La photographie de groupe en classe comme palimpseste de l'institution scolaire : essai d'une approche sémiologique de ce document
| Auteur / Autrice : | Christine Charpentier-Boude |
| Direction : | Nicole Mosconi |
| Type : | Thèse de doctorat |
| Discipline(s) : | Sciences de l'éducation |
| Date : | Soutenance en 2006 |
| Etablissement(s) : | Paris 10 |
Mots clés
Mots clés contrôlés
Résumé
La photographie de groupe en classe constitue à force d'être répétée, et cela depuis le milieu du XIXe siècle, une partie de la mémoire de l'école et de la société qu'elle représente. Elle semble accompagner le deuil d'une multitude d'histoires scolaires et en même temps conjurer ces disparitions. Cette image particulière, mise en scène d'une réalité institutionnelle capturée par l'appareil photographique, répétée au cours d'un rituel codifié, conservée ou non par les usagers, loin d'être monolithique et univoque, paraît être porteuse d'un ensemble de significations institutionnelles et intimes. Cette photographie pourrait ainsi dire des choses sur ce et ceux qu'elle montre, mais aussi sur ceux qui la montrent. Elle pourrait dire des choses sur ce qui se voit, mais aussi sur ceux qui l'ont prise ou provoquée, sur ceux qui la gardent et la regardent, présents ou non sur le cliché.

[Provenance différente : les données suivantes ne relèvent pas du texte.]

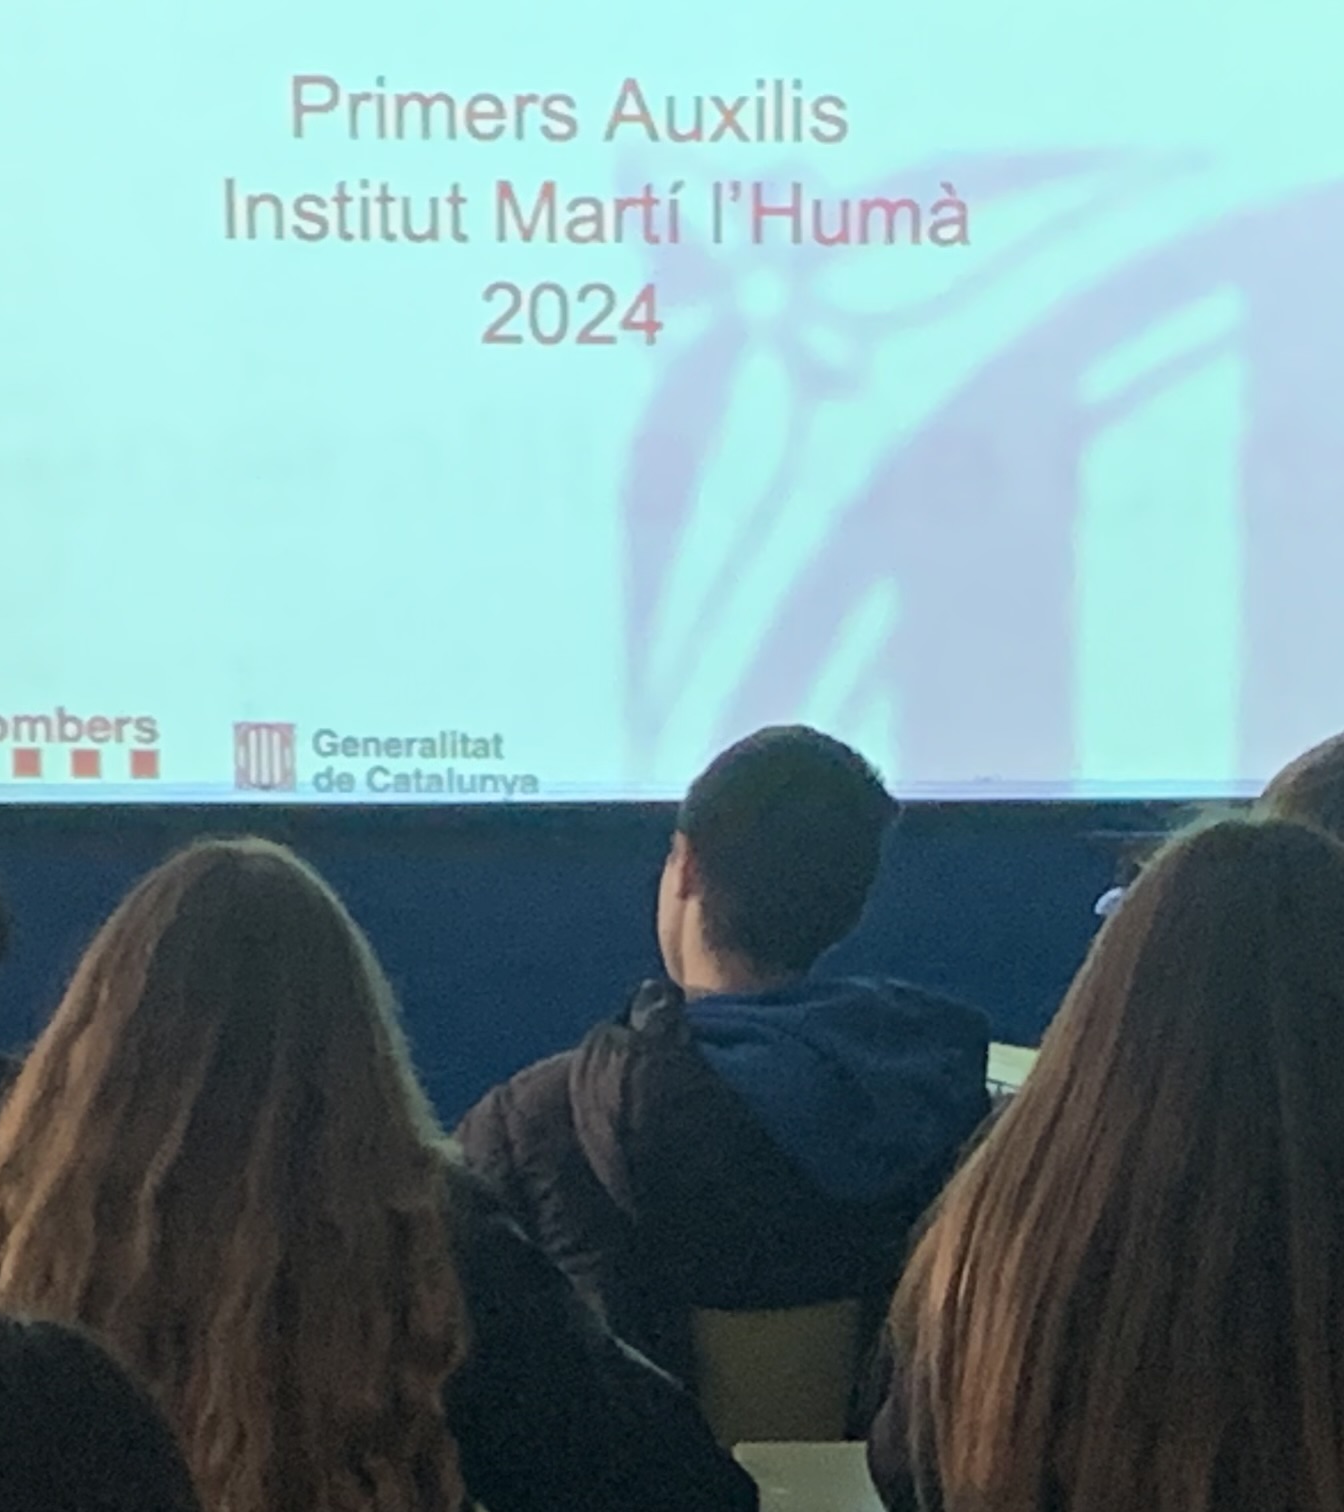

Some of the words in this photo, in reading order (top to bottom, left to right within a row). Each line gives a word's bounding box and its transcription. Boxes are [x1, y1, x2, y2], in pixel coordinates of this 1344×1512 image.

Témoignant d'un monde extérieur à la famille mais ayant sa place dans l'album familial, elle paraît être une zone intermédiaire entre l'individu, le groupe familial et le monde de l'école. Ce travail aborde les différents contenus, manifestes et latents, mêlant l'implicite et l'explicite, qui émergent de cette image et qui laissent penser que ce médium est porteur d'un imaginaire collectif doublé d'un imaginaire individuel. Cette recherche propose donc de ''prélever'' cette mise en forme particulière de l'institution scolaire pour en faire émerger du sens, cela en utilisant ce document non pas comme une simple illustration, mais comme un objet d'étude pouvant servir autant de mémoire que d'outil d'analyse. Les premières parties présentent une analyse historique, iconique et socio-institutionnelle de ce document et abordent cette photographie comme pratique rituelle de l'institution scolaire. La dernière partie s'intéresse plus particulièrement à ce cliché comme archive intime et aux rapports qu'entretiennent avec elle les usagers de l'école et des lieux de formation. La conclusion s'articule autour de ce qui pourrait se définir comme une approche ''mythographique'' de cette image et présente les prolongements possibles de cette recherche.